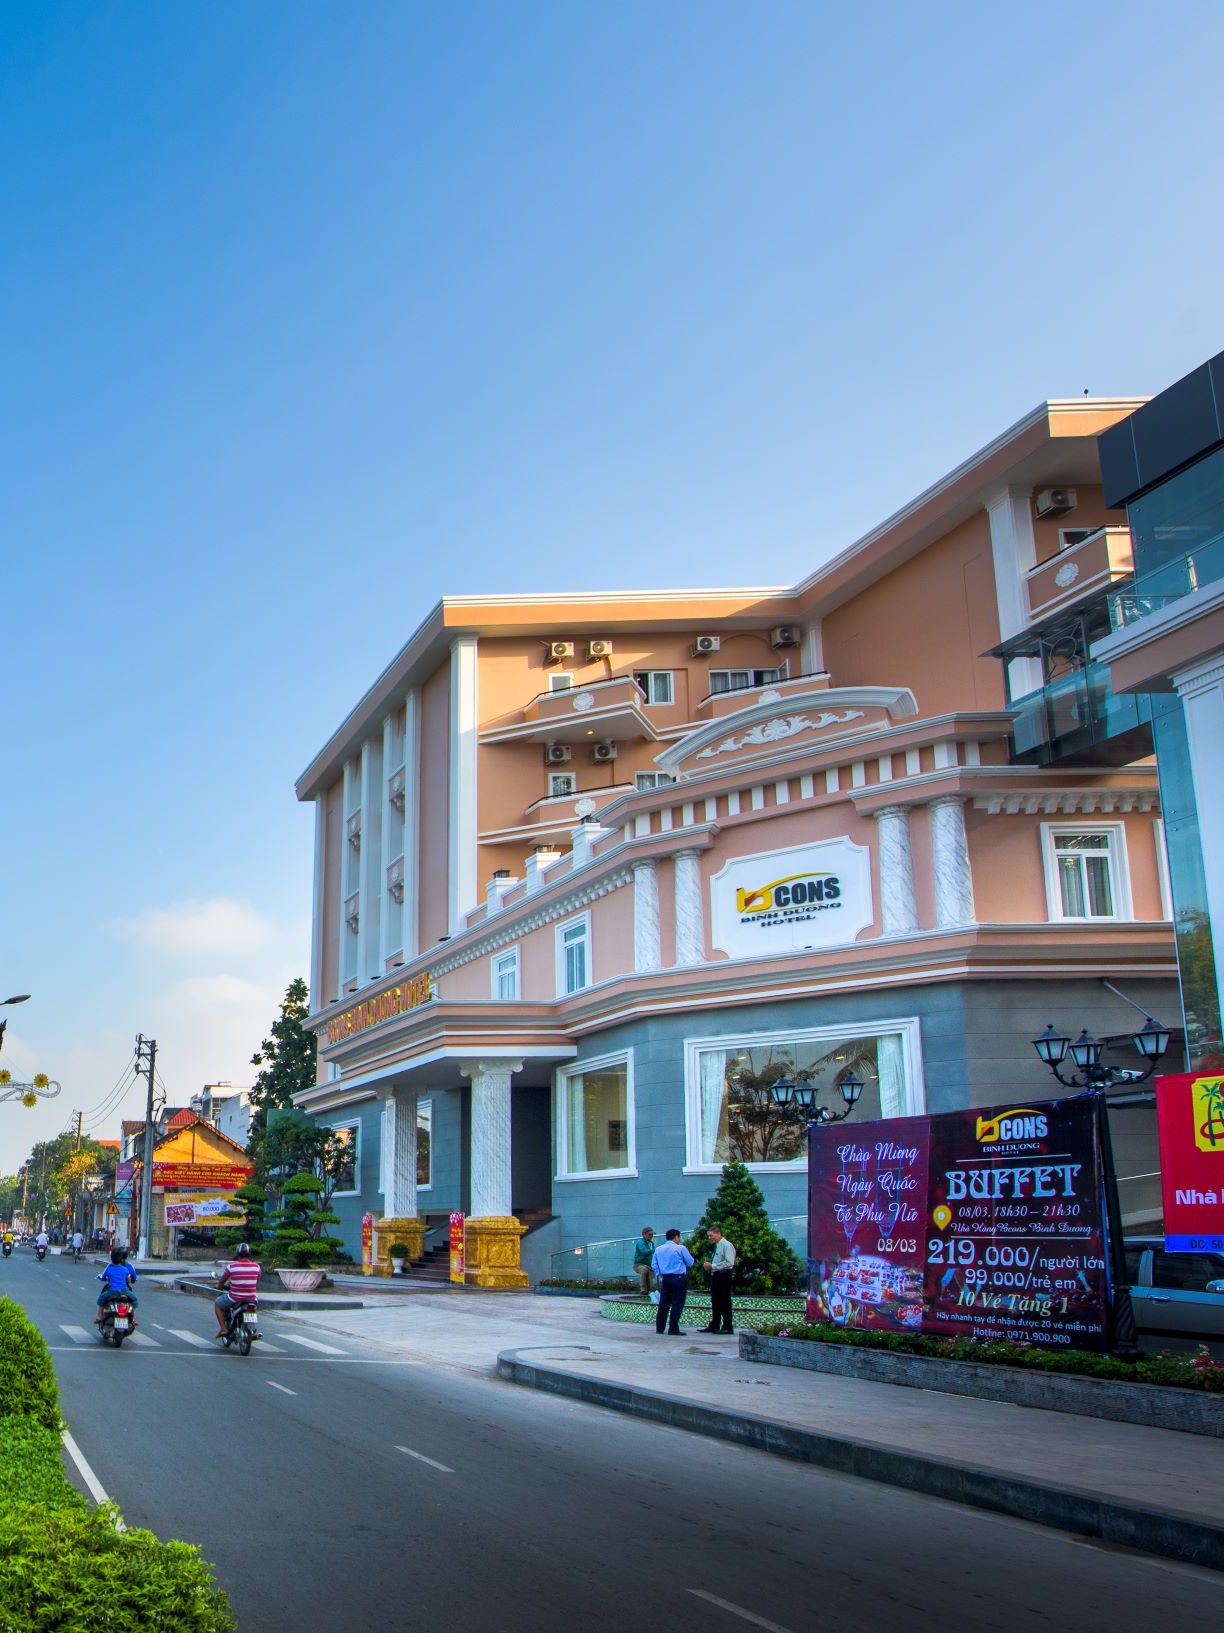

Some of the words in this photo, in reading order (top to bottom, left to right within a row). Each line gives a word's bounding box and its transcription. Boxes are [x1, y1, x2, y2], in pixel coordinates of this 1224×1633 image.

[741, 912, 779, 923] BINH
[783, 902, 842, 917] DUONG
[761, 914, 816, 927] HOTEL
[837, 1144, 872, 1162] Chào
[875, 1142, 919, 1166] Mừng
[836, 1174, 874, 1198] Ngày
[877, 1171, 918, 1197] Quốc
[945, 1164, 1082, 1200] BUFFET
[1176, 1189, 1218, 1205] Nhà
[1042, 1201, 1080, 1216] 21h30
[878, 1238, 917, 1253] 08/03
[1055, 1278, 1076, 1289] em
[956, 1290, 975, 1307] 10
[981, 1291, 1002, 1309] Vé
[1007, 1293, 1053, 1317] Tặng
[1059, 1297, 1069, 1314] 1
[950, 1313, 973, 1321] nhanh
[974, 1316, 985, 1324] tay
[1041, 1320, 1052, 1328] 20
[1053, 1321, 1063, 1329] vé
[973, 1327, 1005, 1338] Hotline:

**WHAT THE TASK REQUIRES:** The pictures in the listing above are to be dropped, and everything else reproduced exactly.

**ANSWER TO THIS EXERCISE:**
Some of the words in this photo, in reading order (top to bottom, left to right within a row). Each line gives a word's bounding box and its transcription. Boxes are [x1, y1, x2, y2], in pixel coordinates of this 1224×1633 image.

[741, 912, 779, 923] BINH
[783, 902, 842, 917] DUONG
[761, 914, 816, 927] HOTEL
[837, 1144, 872, 1162] Chào
[875, 1142, 919, 1166] Mừng
[836, 1174, 874, 1198] Ngày
[877, 1171, 918, 1197] Quốc
[945, 1164, 1082, 1200] BUFFET
[1176, 1189, 1218, 1205] Nhà
[1042, 1201, 1080, 1216] 21h30
[878, 1238, 917, 1253] 08/03
[1055, 1278, 1076, 1289] em
[956, 1290, 975, 1307] 10
[981, 1291, 1002, 1309] Vé
[1007, 1293, 1053, 1317] Tặng
[1059, 1297, 1069, 1314] 1
[950, 1313, 973, 1321] nhanh
[974, 1316, 985, 1324] tay
[1041, 1320, 1052, 1328] 20
[1053, 1321, 1063, 1329] vé
[973, 1327, 1005, 1338] Hotline:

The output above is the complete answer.